# Fresh water tank



## putties (May 18, 2005)

Picked up the new MH in April and have used it a couple of times. Can anyone suggest how I get rid of the plastic taste from the fresh water tank. I have used sterilising tablets, some stuff from towsure and the taste is still there. It plays havoc with the tea and whisky.

Thanks

Putties


----------



## trevorf (May 16, 2005)

Hi

We had same problems and ended up installing a water filter. Fitted a seperate tap over sink so only need to filter water for the coffee and whiskey.

Trevor


----------



## Rapide561 (Oct 1, 2005)

*Water taste*

Hello

Maybe I have been lucky but have never had this problem.

I think the tablets that go in the tank will kill bugs etc but not rid the taste. I would fill and drain the tanks a fews times.

Russell


----------



## JockandRita (Jun 1, 2005)

Hi Putties,

In our last caravan, the inboard water tank was a white translucent tank, and did not give off any plasticy tastes at all. However, in the MH, the tank is a dark grey effort and did give off a really bad plasticy taste.

We have sterelised the tank and system throughout a couple of times, to try and rid us of the taste. What we find is that the more you fill and use the tank, the less likely there is the chance of the plasticy taste.

Another tip that I have accidently come accross is that, if you leave the internal cap off the tank when you drain it down, the more it allows the tank to breath, thereby cutting down on the chance of tainting the water.

It really does make a difference.

Jock.


----------



## mandyandandy (Oct 1, 2006)

Hi, 

We had this problem too, and I like my water to taste like water not plastic or anything else that may be in there. 

Andy (not a DIY person) managed to fit a nature pure kit with separate tap for drinking water with ease.
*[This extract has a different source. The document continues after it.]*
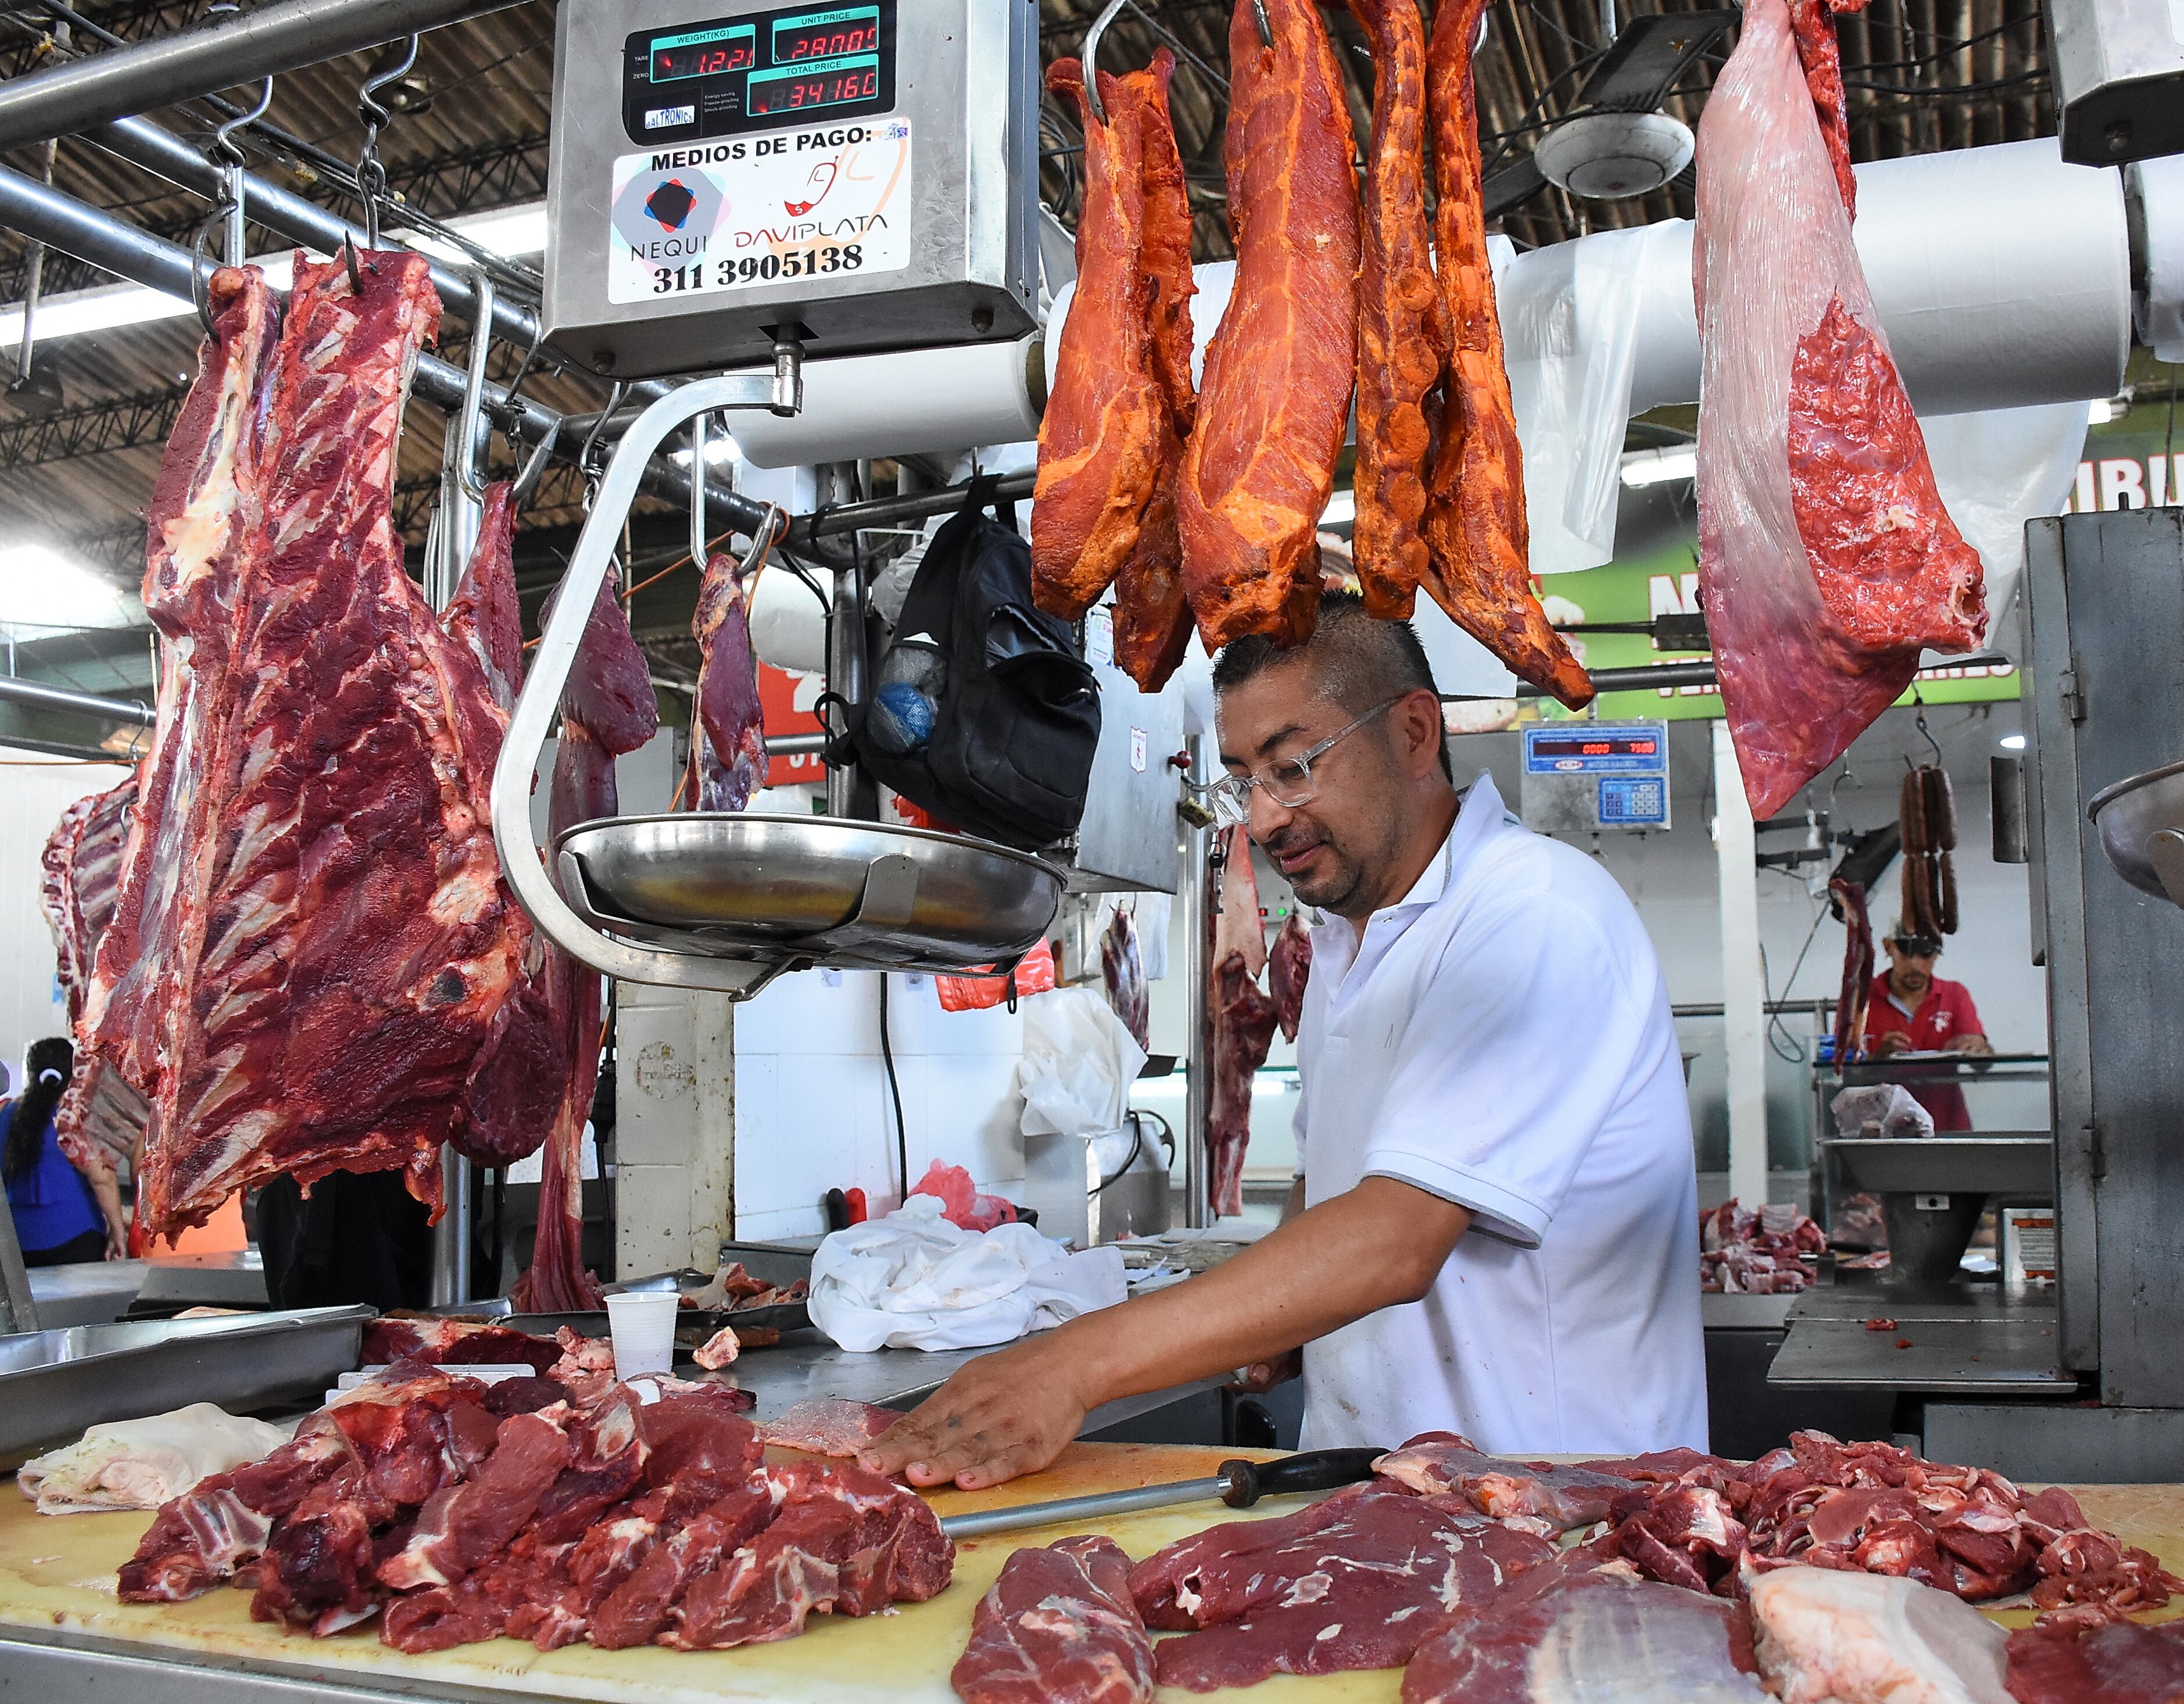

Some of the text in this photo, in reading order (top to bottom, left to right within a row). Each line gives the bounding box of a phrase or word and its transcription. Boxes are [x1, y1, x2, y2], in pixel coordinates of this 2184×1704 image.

This saves on the filter as you only use the water tap for your whiskey etc and can use the normal tap for everything else. Water tastes yummy and you don't need to worry about the source of it either, ie some of the taps abroad leave a little to be desired in the way of hygiene. 

Mandy


----------



## putties (May 18, 2005)

Still trying to get rid of the taste. I have come across anothe rautotrail Dakota owner who has the same problem. Is there others out there with Auotrails that were built in March 07 with the same problem.

Putties


----------



## drcotts (Feb 23, 2006)

The problem should not be with the tank or accociated plumbing as this will be food grade polythene. If its chlorine you are tasting then pound to a pinch its the hose you are using to fill it. If you are using garden hose this is a no no as its not food grade ( i should know we make 2.5 million meters a year at hozelock where i work). The material is PVC which is of course Poly Vinyl CHLORIDE. 
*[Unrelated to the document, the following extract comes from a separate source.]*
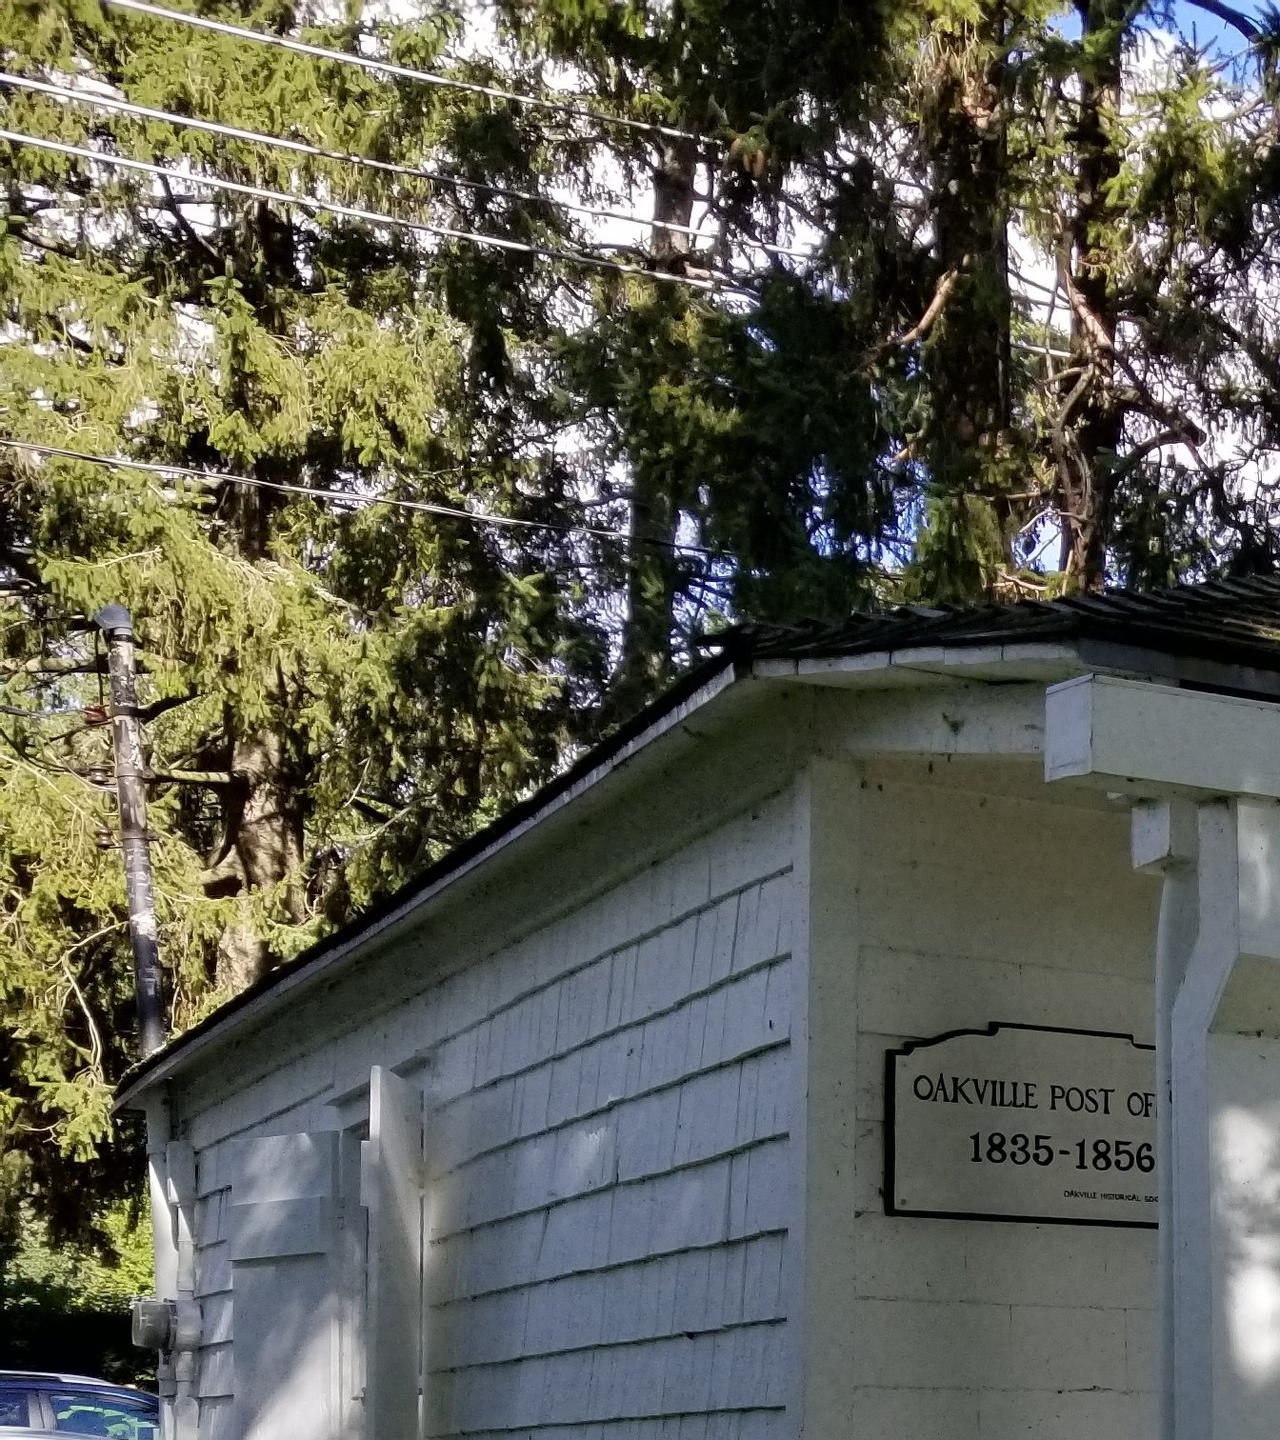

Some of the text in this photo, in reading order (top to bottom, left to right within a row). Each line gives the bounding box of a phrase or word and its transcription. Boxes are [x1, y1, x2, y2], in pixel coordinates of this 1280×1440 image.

[913, 1073, 1158, 1119] OAKVILLE POST OF
[969, 1132, 1155, 1173] 1835-1856
[1063, 1190, 1097, 1200] OAKVILLE
[1100, 1193, 1142, 1202] HISTORICAL
If you use a coiled hose make sure you flush it through for 15 secs or so before filling. The water that lies in the coils of hose during storage can allow chemicals to leach out and these are put into the tank for you to drink.

Best one to use is a potable quality flat hose.

Hope this helps

Phill


----------



## smithies (Jul 1, 2007)

*Fresh Water Tank*

We full time and use a built in water filter, no tank taste and we use any available tap water , even in Morocco no problems , doesent work on desalinated water from some Spanish sites..... A filter is the answer...

Gordon / Jenny


----------



## Grizzly (May 9, 2005)

Is it a TCP type taste rather than a plastic taste ? There have been several discussions on this topic in the past. The water boards and water monitoring authorities reckon it is a combination of the residual organic material in the water reacting with the chlorine left in the water. It is not dangerous but is unpleasant. 

We use Tesco 2 litre milk bottles for our drinking water and notice that some water supplies react and give us the TCP taste while others do not

I don't think there is a lot you can do to get rid of the taste from one particular batch of water but we have noticed that it goes completely when we change water source as we move around. This leads me to think that it's not the bottles - or tank- we store it in but the water itself.

G


----------



## JockandRita (Jun 1, 2005)

*Re: Fresh Water Tank*



smithies said:


> doesent work on desalinated water from some Spanish sites..... A filter is the answer...
> 
> Gordon / Jenny


Hi all,

Does anyone know if the "Nature Pure" kit works with desalinated water please?

Jock.


----------



## mangothemadmonk (Aug 6, 2006)

I wouldn't have thought so Jock. You really need to "distill" the water by reverse osmosis or use a really expensive seawater/to fresh water pump that pressurises water through a filter.

Johnny F


----------



## JockandRita (Jun 1, 2005)

mangothemadmonk said:


> I wouldn't have thought so Jock. You really need to "distill" the water by reverse osmosis or use a really expensive seawater/to fresh water pump that pressurises water through a filter.
> 
> Johnny F


Thanks Johnny,

Years ago when serving in Cyprus, they had a desalination plant at one of the coastal towns. The water tasted awful.

Jock.


----------



## Scotjimland (May 23, 2005)

*Re: Fresh Water Tank*



smithies said:


> We full time and use a built in water filter, no tank taste and we use any available tap water , even in Morocco no problems , doesent work on desalinated water from some Spanish sites..... A filter is the answer...


Hi 
Sorry, I don't understand your post.. 
you say you use a filter .. is it a Nature Pure .? 
but then you go on to say a filter is the answer .. :? 
The answer to what ?

We have a Nature Pure filter and have travelled extensively in Spain and Morocco and never had any problems with water, whether it is desalinated or not I wouldn't know.. but I wouldn't dream of buying bottled water.


----------



## JockandRita (Jun 1, 2005)

*Re: Fresh Water Tank*



ScotJimland said:


> We have a Nature Pure filter and have travelled extensively in Spain and Morocco and never had any problems with water, whether it is desalinated or not I wouldn't know.. but I wouldn't dream of buying bottled water.


Ahh, That's interesting Jim.

Jock.


----------



## sallytrafic (Jan 17, 2006)

There is only one certain cure:

Empty your tank and fill it with either Lagavulin, Laphroig or Ardbeg.

Carry bottled water for a while until the whisky used up.

Note: this won't cure a TCP taste in your tank but it will make you more appreciative of the flavour


----------



## ksebruce (Nov 5, 2006)

> Empty your tank and fill it with Laphroig


Wonderful stuff, I don't know the question but this is definately the answer!

Any idea where you can bulk buy it Frank.  :shaking2:


----------



## sallytrafic (Jan 17, 2006)

Well from me for a start


----------



## putties (May 18, 2005)

My motorhome went in to hopefully solve the problem on Wednesday 4th July so I hope they have put it right. Will check when I collect it

Putties


----------



## smithies (Jul 1, 2007)

*Desalinated water*

We used a nature pure filter and it DOES NOT work on desalinated water .......

Gordon / Jenny


----------



## DTPCHEMICALS (Jul 24, 2006)

Hi 
We use a filter jug in our motorhome it fits neatly in the fridge door and keeps the water nice and cold. Saves making ice cubes for whiskey. I use milton with every fill of the storage tank. This ensures any nasties are killed off.
The jug does not cost much and is very effective.


Cheers 
Dave p


----------